Wednesday, January 14, 2009

Departures

Watanabe Yoshimi is on his own.

As Jun Okumura makes exceedingly clear, there is little chance that Mr. Watanabe will be joined by other LDP defectors in his effort to build a national movement to take down the old guard. (Although, surprisingly, Mr. Watanabe was joined by an LDP abstainer — Matsunami Kenta — in Tuesday's vote on the second stimulus, an act of rebellion for which Mr. Matsunami has already been punished by being stripped of his title as parliamentary secretary for the Cabinet Office.) Mr. Watanabe has indicated that he wants to build a "popular movement," not a new party.

The basis for this popular movement is anger at the bureaucratic conservatism that Mr. Watanabe believes lies at the heart of the "old, old LDP." For Mr. Watanabe, bureaucratic rule — to which the LDP is wedded — lies at the heart of the country's inability to cope with the once-in-a-century crisis facing Japan.

In a recent issue of Voice he wrote of the shift to a "postmodern" moment, arguing that Japan is in the midst of one of several great transformations, in the mold of the transitions to the Heian, Kamakura, and Edo periods. Arguing that a "once-a-century storm" requires a "once-a-century response," Mr. Watanabe advocates the wholesale transformation of the Japanese state, starting with administrative reform and the eradiction of amakudari. He further advocates decentralization and the consolidation of prefectures into states as a means of depriving Kasumigaseki of power — and with the reorganization of local governance, he suggests that the capital should be moved, as in earlier great transformations. (This is hardly a new idea.)

He offered an expedited version of this article in both his statement of secession and his Tuesday press conference.
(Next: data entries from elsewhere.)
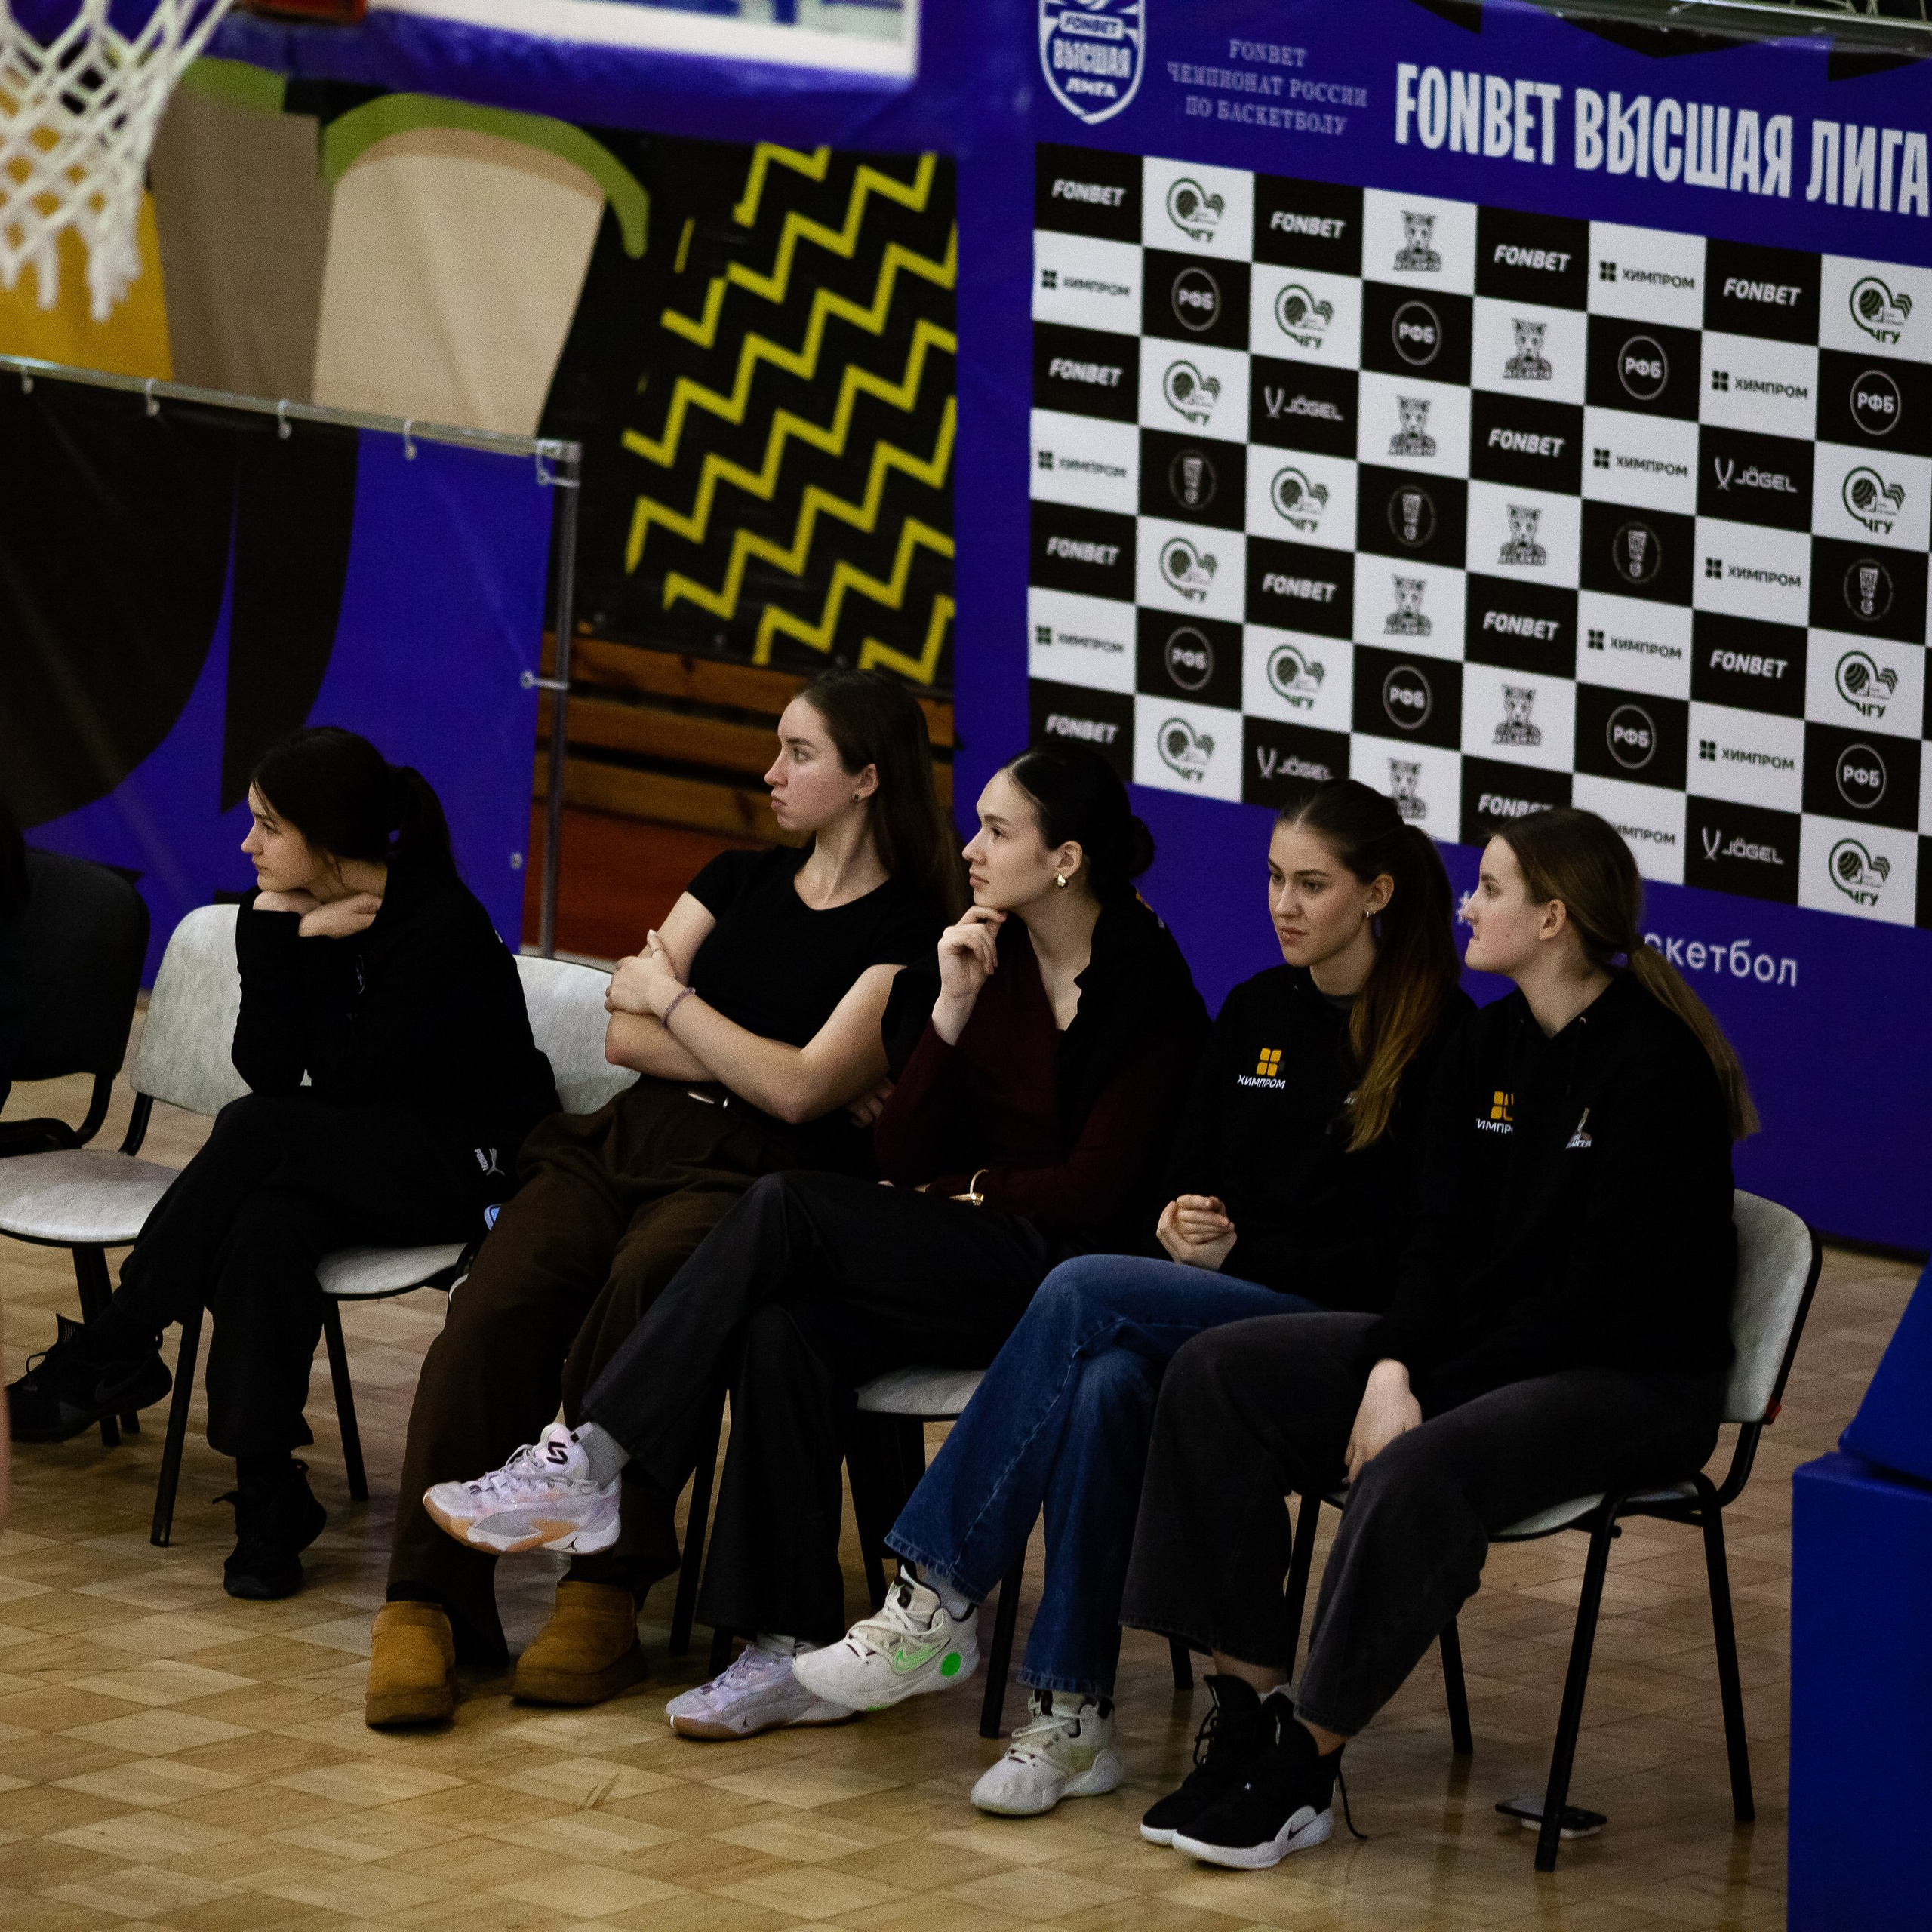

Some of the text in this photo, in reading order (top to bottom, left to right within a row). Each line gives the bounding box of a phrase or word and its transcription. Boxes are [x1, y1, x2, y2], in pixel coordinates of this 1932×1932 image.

[1053, 38, 1131, 78] ВЫСШАЯ
[1229, 38, 1307, 68] FONBET
[1167, 61, 1368, 108] ЧЕМПИОНАТ РОССИИ
[1186, 95, 1348, 136] ПО БАСКЕТБОЛУ
[1395, 63, 1930, 217] FONBET ВЫСШАЯ ЛИГА
[1051, 179, 1126, 206] FONBET
[1270, 211, 1346, 238] FONBET
[1494, 245, 1571, 272] FONBET
[1623, 269, 1696, 290] ХИМПРОМ
[1723, 278, 1801, 306] FONBET
[1624, 357, 1662, 379] РФБ
[1735, 378, 1809, 399] ХИМПРОМ
[1857, 392, 1894, 413] РФБ
[1487, 428, 1565, 457] FONBET
[1616, 456, 1689, 478] ХИМПРОМ
[1262, 573, 1337, 602] FONBET
[1728, 566, 1801, 588] ХИМПРОМ
[1483, 611, 1560, 641] FONBET
[1610, 637, 1683, 660] ХИМПРОМ
[1709, 649, 1788, 679] FONBET
[1613, 725, 1651, 748] РФБ
[1721, 749, 1795, 771] ХИМПРОМ
[1842, 764, 1880, 788] РФБ
[1613, 824, 1675, 845] ИМПРОМ
[1237, 1074, 1286, 1090] ХИМПРОМ
[1476, 1118, 1513, 1134] ИМПР
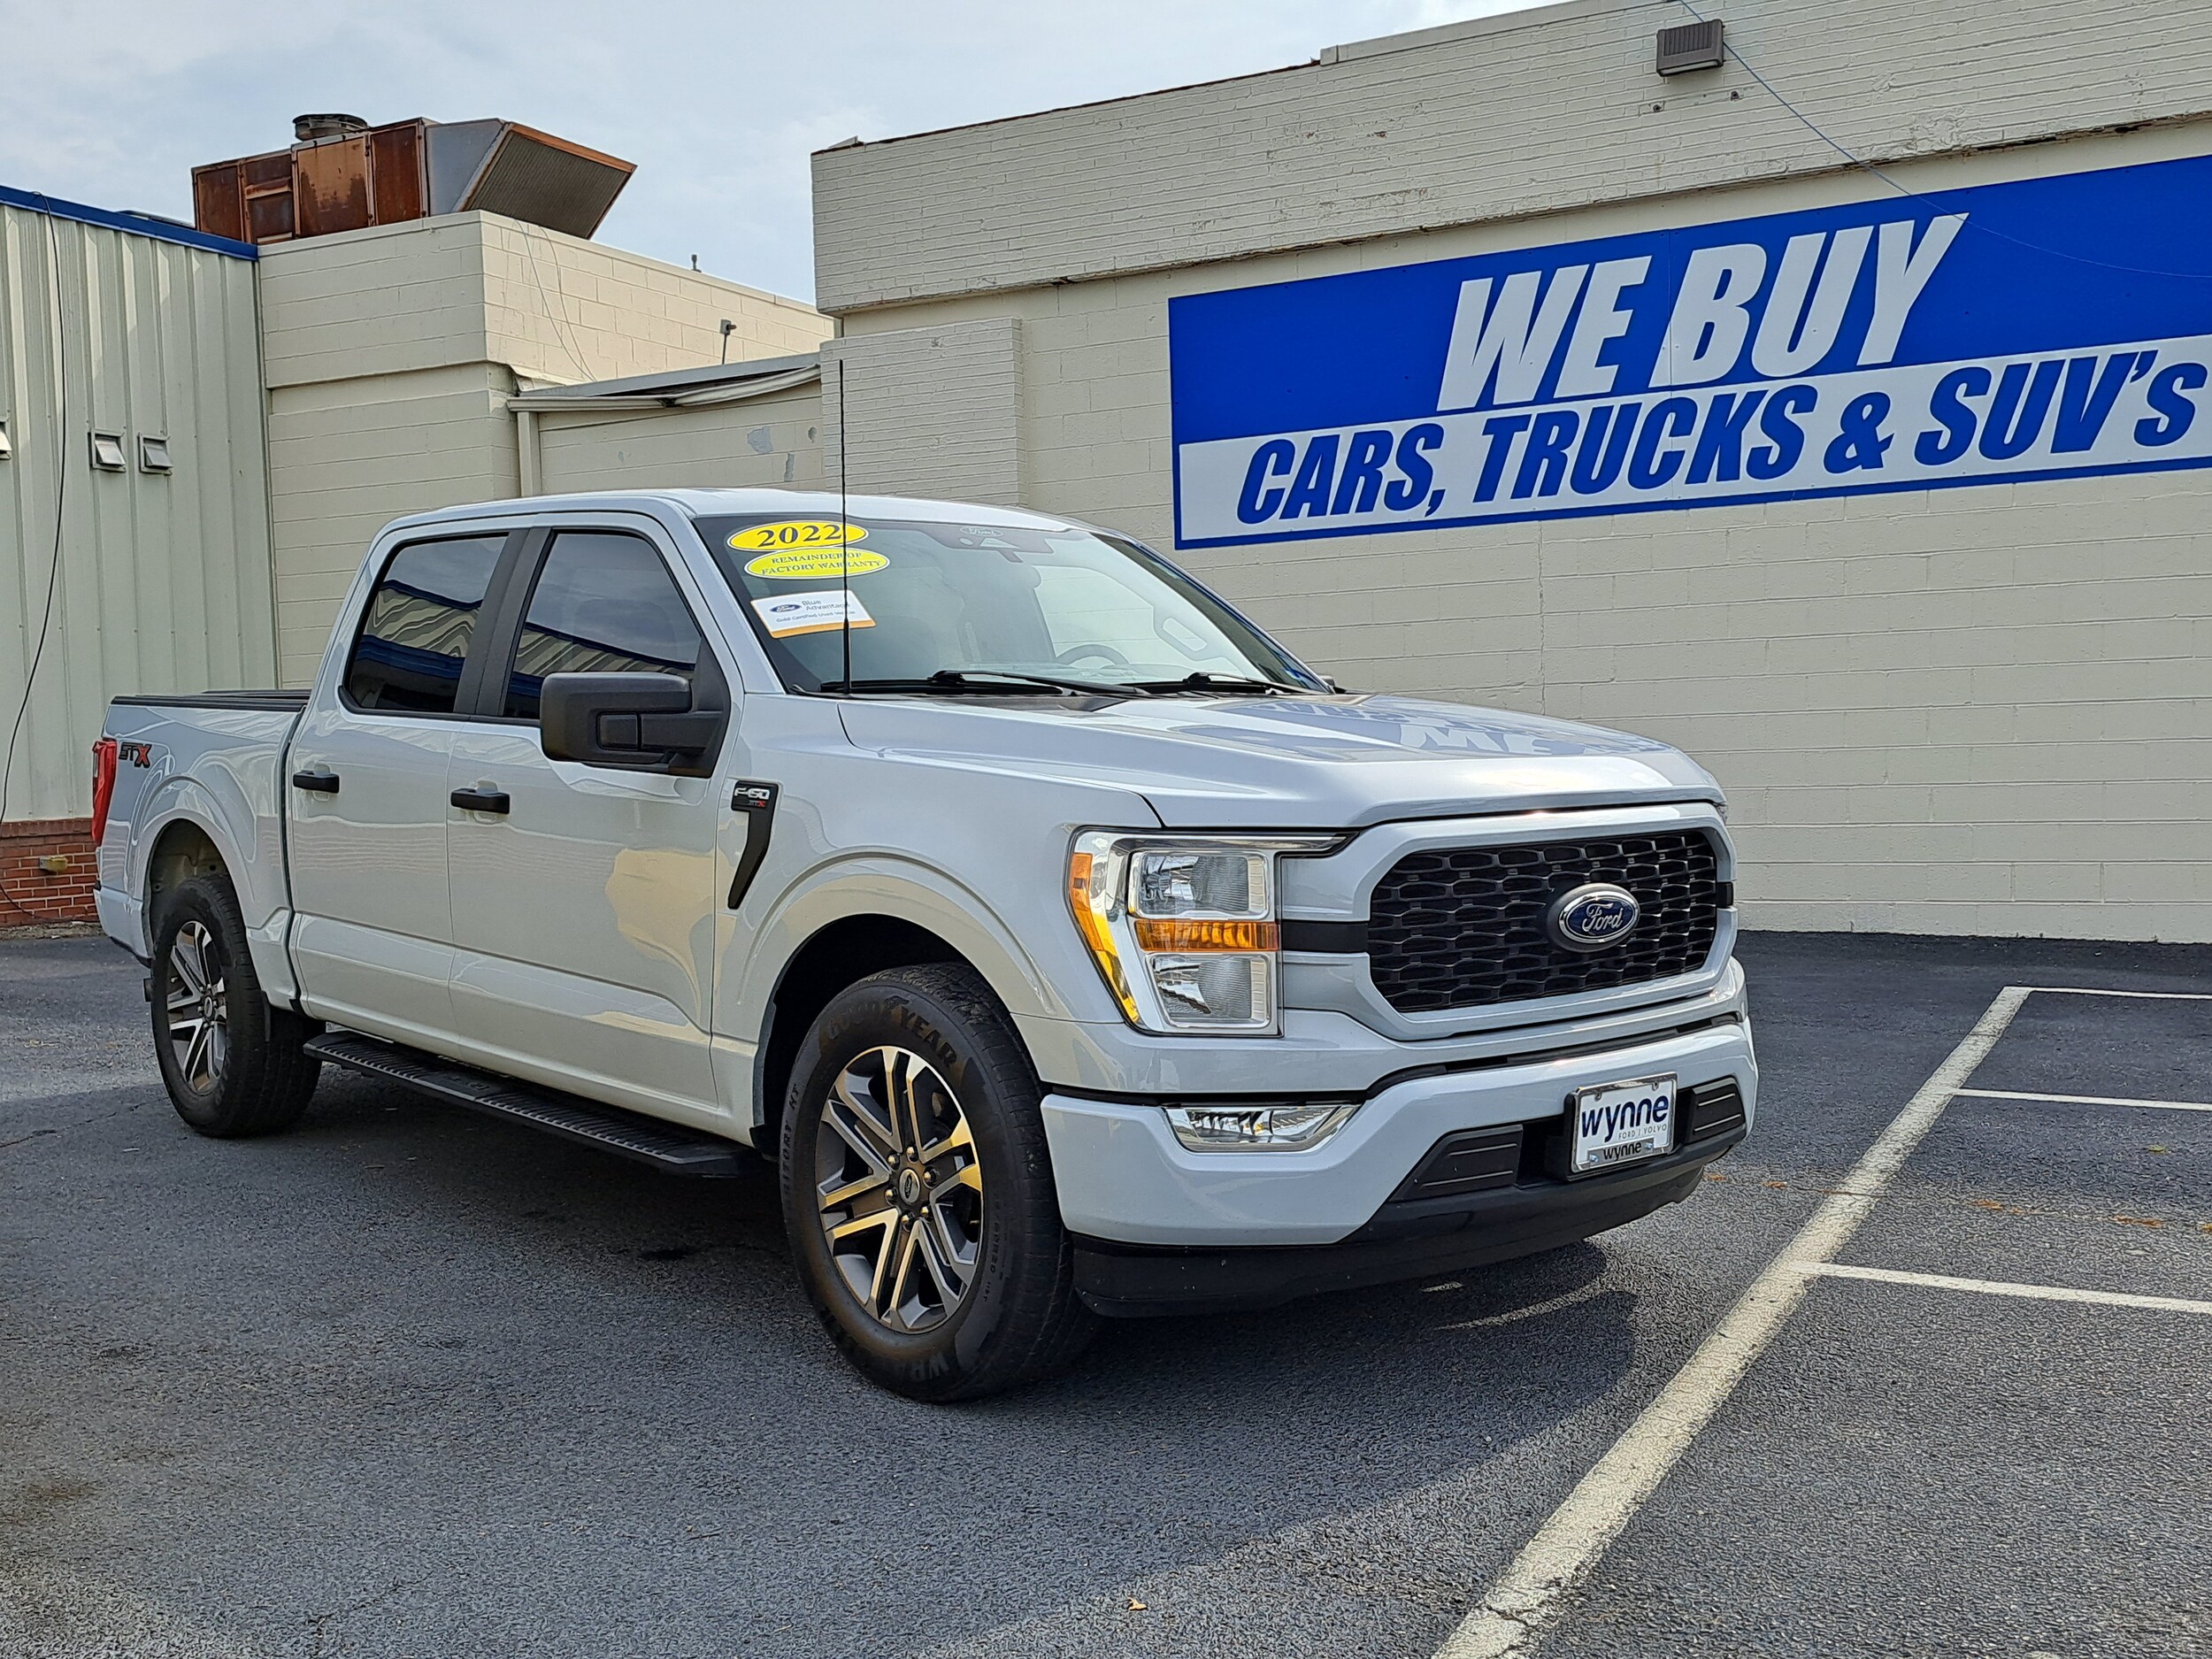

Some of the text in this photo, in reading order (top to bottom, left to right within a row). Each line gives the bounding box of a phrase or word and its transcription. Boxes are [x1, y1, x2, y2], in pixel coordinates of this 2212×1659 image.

[1437, 212, 1970, 411] WE BUY
[1238, 349, 2208, 518] CARS, TRUCKS & SUV'S
[757, 524, 841, 548] 2022
[761, 564, 814, 575] FACTORY
[772, 553, 843, 565] REMAINDER
[119, 741, 152, 768] STX
[1582, 902, 1624, 933] Ford
[1581, 1095, 1670, 1142] wynne
[1618, 1129, 1636, 1141] FORD
[1644, 1124, 1668, 1134] VOLVO
[1603, 1141, 1642, 1161] wynne
The LDP may yet offer further confirmation of Mr. Watanabe's argument that the LDP is incapable of implementing the reforms Mr. Watanabe believes necessary to save Japan from ruin. As Uesugi Takashi argues in the February issue of Voice, the LDP may once again fight over the future of the road construction fund during the ordinary Diet session. For Mr. Uesugi, the road construction debate lies at the heart of the LDP's downfall. The road construction tribe has persistently blocked efforts not only to shift funds from road construction to other, less particularistic ends, it has blocked reform more generally. Surely behind obstruction to Mr. Watanabe's efforts to promote administrative reform lies the hand of the road tribe, for any serious attempt to uproot amakudari would be a blow to the construction companies, the bureaucrats responsible for the contracts, and road tribe members themselves. Aso Taro may become only the latest in a series of LDP prime ministers forced to back down in the face of resistance from the road tribe. Naturally while the media and the public busy themselves with the possibility of rebellion by reformists when the 2009 budget comes to a vote, the road tribe will be quietly looking for ways to water down Mr. Aso's promise to suspend the special fund and redirect the newly created "fund for the creation of a foundation of rural vitality" towards road construction funding.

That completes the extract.